RNA was extracted from tissue samples or purified cell populations using QIAzol and miRNeasy RNA extraction kits (QIAGEN) according to manufacturer’s instructions. Tissue samples were first dissociated in QIAzol using a TissueLyser LT with stainless steel beads (all QIAGEN). For mRNA transcripts, reverse transcriptions were carried out with Superscript III (Thermo Fisher Scientific) and random hexamer primers (Promega) and measured with Fast SYBR Green Master Mix (Thermo Fisher Scientific). PCR were performed using a StepOnePlus Real Time PCR System (Thermo Fisher Scientific), and relative transcript levels were determined using the ∆∆Ct method. The following primer sequences were used: Malat1 forward, 5′-TGCAGTGTGCCAATGTTTCG-3′; Malat1 reverse, 5′-GGCCAGCTGCAAACATTCAA-3′; Neat1 forward, 5′-CCTAGGTTCCGTGCTTCCTC-3′; Neat1 reverse, 5′-CATCCTCCACAGGCTTAC-3′; U6 forward, 5′-CGCTTCGGCAGCACATATAG-3′; and U6 reverse, 5′-TTCACGAATTTGGCTGCTAT-3′.
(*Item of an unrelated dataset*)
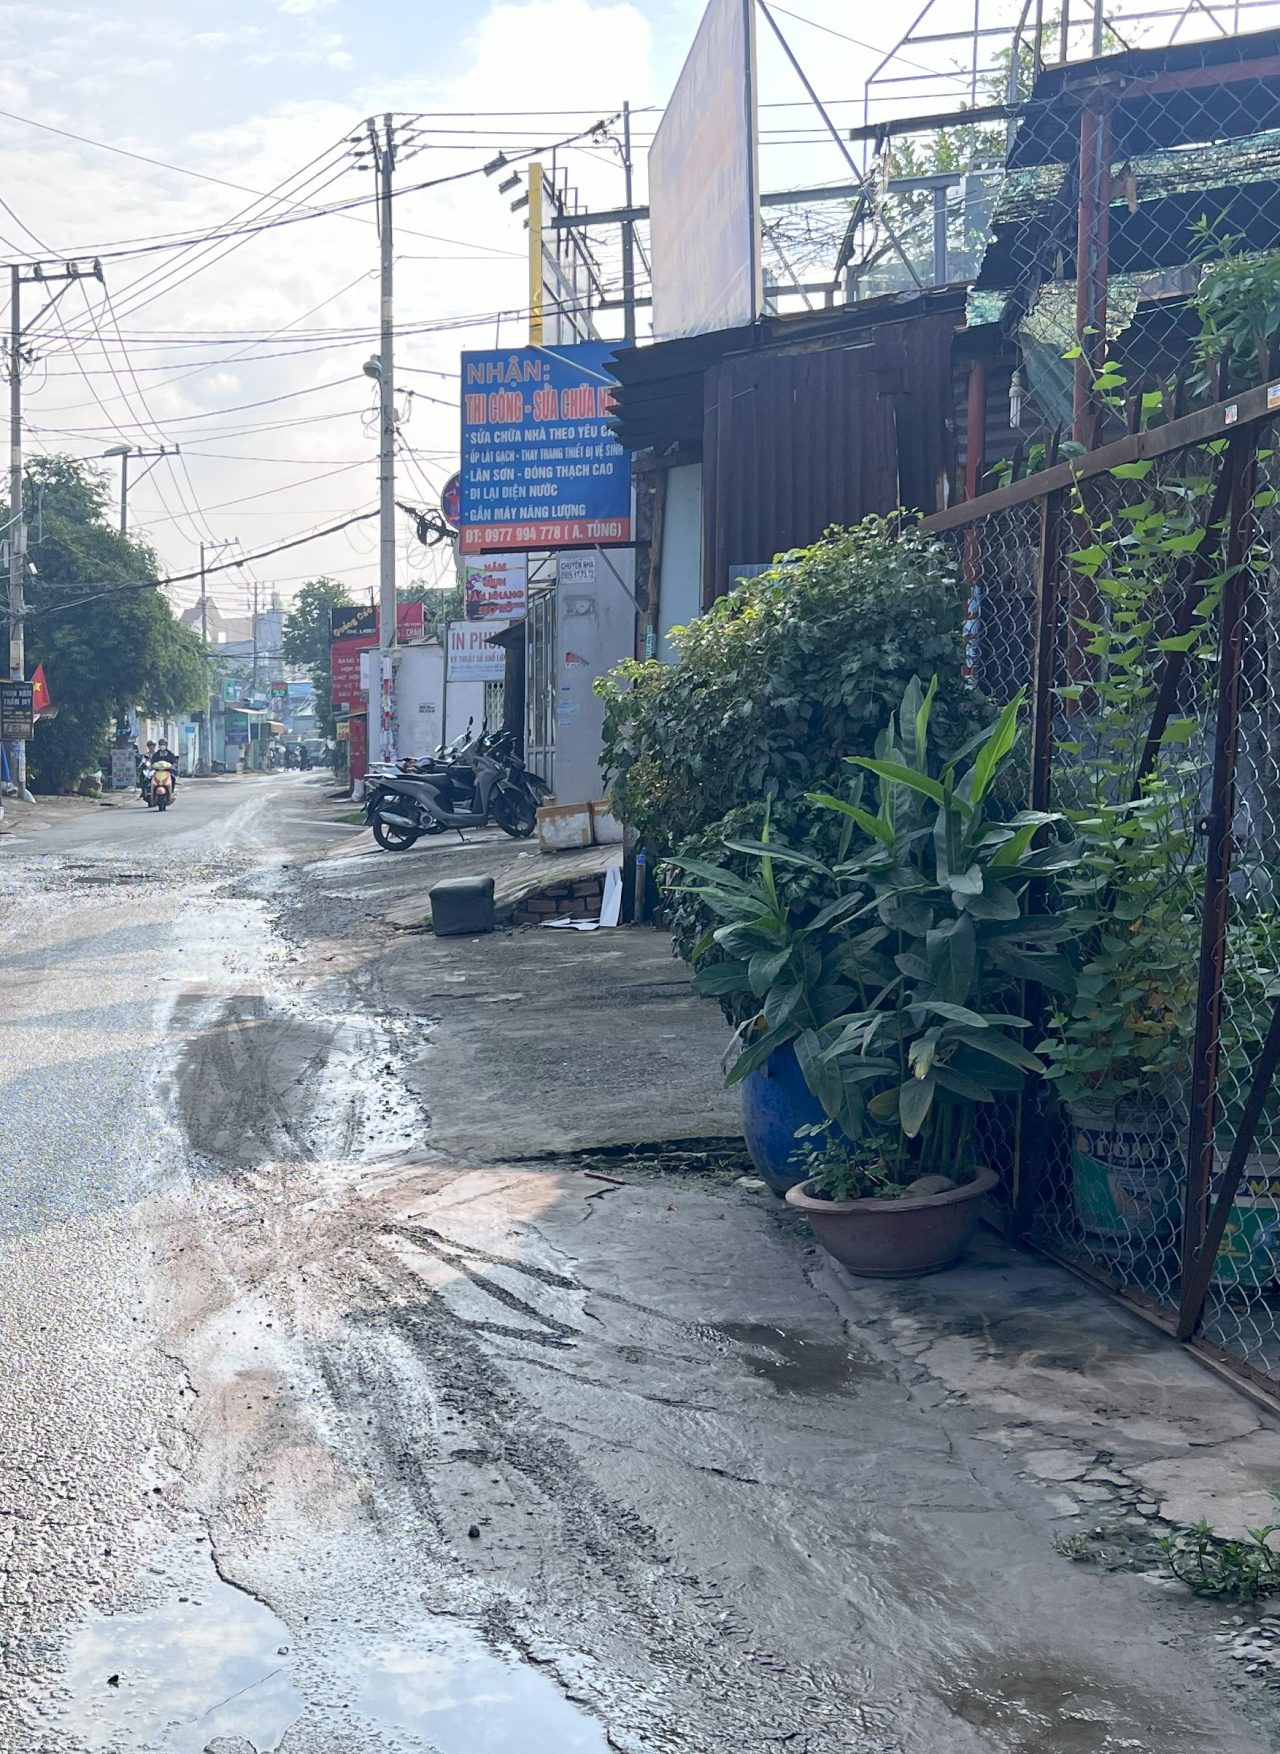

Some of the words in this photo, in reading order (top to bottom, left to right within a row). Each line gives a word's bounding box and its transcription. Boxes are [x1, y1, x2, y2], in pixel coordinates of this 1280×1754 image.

For all other genes commercially available, QuantiTect (QIAGEN) primer sets were used.
For single-cell RNA-seq analyses, Smart-seq2 single-cell RNA-seq FASTQ files were obtained from ArrayExpress (www.ebi.ac.uk/arrayexpress/), accession numbers E-MTAB-4388 (Th1) and E-MTAB-2512 (Th2). Sequencing reads were mapped to the mouse mm10 Ensembl 84 reference genome with External RNA Controls Consortium RNA spike-in sequences using star 2.5.1b and quantified with HTSeq 0.9.1. Normalization and filtering of data were performed using Seurat (version 3.0.0). Cells with expression of fewer than 200 genes and/or a mitochondrial read proportion above 5% were excluded from analysis. Genes were filtered for minimum expression in three cells. Gene correlations were determined from log-normalized expression data using cor.test function (stats package) with Spearman rho statistic to estimate a rank-based measure of association.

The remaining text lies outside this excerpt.